Because the next town out of Riesenburg would take days to reach on foot, and there was little option but to keep going.


If it would just stop raining, Ed attempted to convince himself, things wouldn't be so bad. He was used to traveling, after all- or had been, once upon a time.

If he thought about it deeply enough, he remembered the way a train seat felt under his back as he drifted off to sleep, the way the countryside would look streaking past the window. Somewhere deep down, he knew the feel of a warm breeze on his face and the packed dirt of a road not waterlogged beneath his feet. And tangled up with it all was his brother's voice, gently reproving, as the younger boy pointed out that arriving a day early wouldn't do any good if Ed exhausted himself getting there.

It was different now, of course- because everything in this world was different, and it was to be suspected that even something so familiar had changed.

The little pleasures of travel seemed to have disappeared; each step that he took was painful, automail ungainly and real ankle throbbing with the hurt of broken bone long healed. The boy hadn't been warm since the moment he'd stepped from the door of the Rockbell house, hadn't been dry since wakening beneath the branches of his improvised shelter, and his stomach had settled upon a twisting, uneasy sort of ache, intent upon reminding him that he ought to feed it.

But perhaps, if he concentrated on his destination- looked forward as he had so often in the past- he could ignore the rain and the ache and the hunger, focus on the future as he had so often in years now gone.

And so he thought not of Central- because he'd twisted his mind into knots already, wondering what precisely he intended to do when he arrived there- but rather of the part of his journey that would follow more immediately. Of the first town out of Riesenburg, perhaps a few days by foot, where he could venture to the train station without knowing that it was the first place Al and Winry would check for him, were they to look.

From there, perhaps, he could tuck himself away into a boxcar, lose himself amidst a small maze of crates and stay out of the rain for the rest of the trip to the city. And then, Ed promised himself, with the not-quite-familiar-any-longer rattle of a moving train beneath him, he would turn his mind to what lay in store.


The train station was damp with the weather, air clammy and roof sheeting a steady runoff of rain. What few would-be passengers clustered about seemed huddled in on themselves, intent less upon the surrounding world than making sure to keep their collars drawn up high enough to keep the chill at bay.

And for the first time, Ed was grateful of the weather- because opportunity presented itself as the station workers lingered beneath the overhang, putting off the loading that would doubtless leave them drenched. And when the boy moved too quickly for his unaccustomed new limb, nearly tripping himself as the automail leg caught on the step up to the boxcar, it was the rain that saved him again, protection from the watchful gaze of one of the passengers coming in the form of a woman who stood in the way, absently shaking out her umbrella.
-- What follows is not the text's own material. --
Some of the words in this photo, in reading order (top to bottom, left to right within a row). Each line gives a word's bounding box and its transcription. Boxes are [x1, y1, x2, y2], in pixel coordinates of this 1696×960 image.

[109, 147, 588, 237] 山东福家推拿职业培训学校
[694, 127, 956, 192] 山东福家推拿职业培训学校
He listened in silence to the sound of voices lowered in complaint as hands hoisted crates aboard, remained crouched motionless in the corner until the door slid shut, eclipsing him with darkness.
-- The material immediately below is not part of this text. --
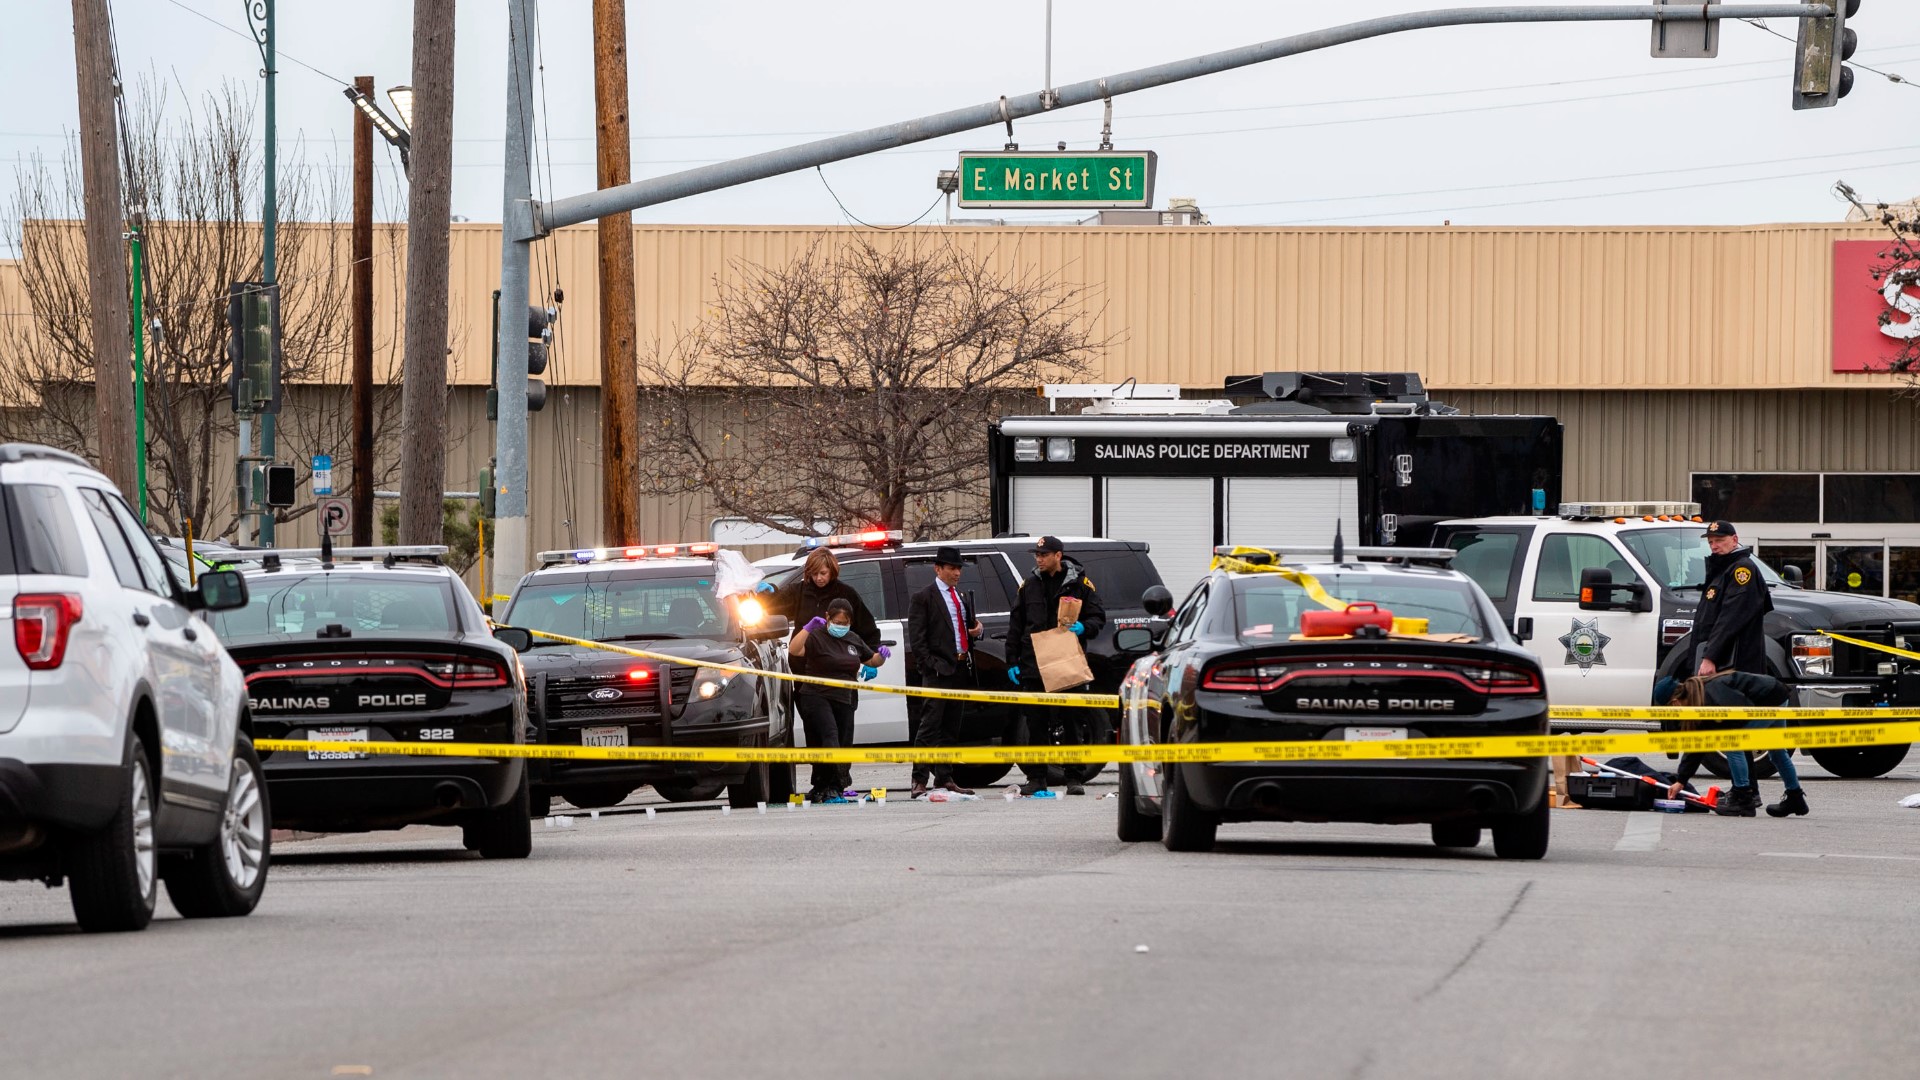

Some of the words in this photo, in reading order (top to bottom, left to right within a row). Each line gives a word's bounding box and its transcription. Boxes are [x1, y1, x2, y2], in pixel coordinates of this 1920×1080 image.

The train jerked into motion some five minutes, the steady rattle of wheels on tracks dimmed somewhat by the pounding of rain on the roof.

And when Ed settled down to plan the near-impossible, lulled by the rhythmic clatter of a sound he'd heard so many times before, he was overwhelmed by a nostalgia so intense that he very nearly expected to hear a voice drift to him out of the darkness.

"Brother," it would chide, amused and exasperated in equal parts, "You never think things through. How can we play cards when there isn't any light?"

But that world wasn't real any longer, and he understood that- knew it with a profound, aching sadness that would never really leave. The impression remained, though, deep enough to cut, the sense that Al should have been there to say it, that he should've laughed in response and offered to transmute a hole in the side of the car, big enough to let the light in.

"Don't worry, Al," he answered, voice lost under the combined roar of wheels and rain. "I'll think of something."

And the train rushed on toward Central.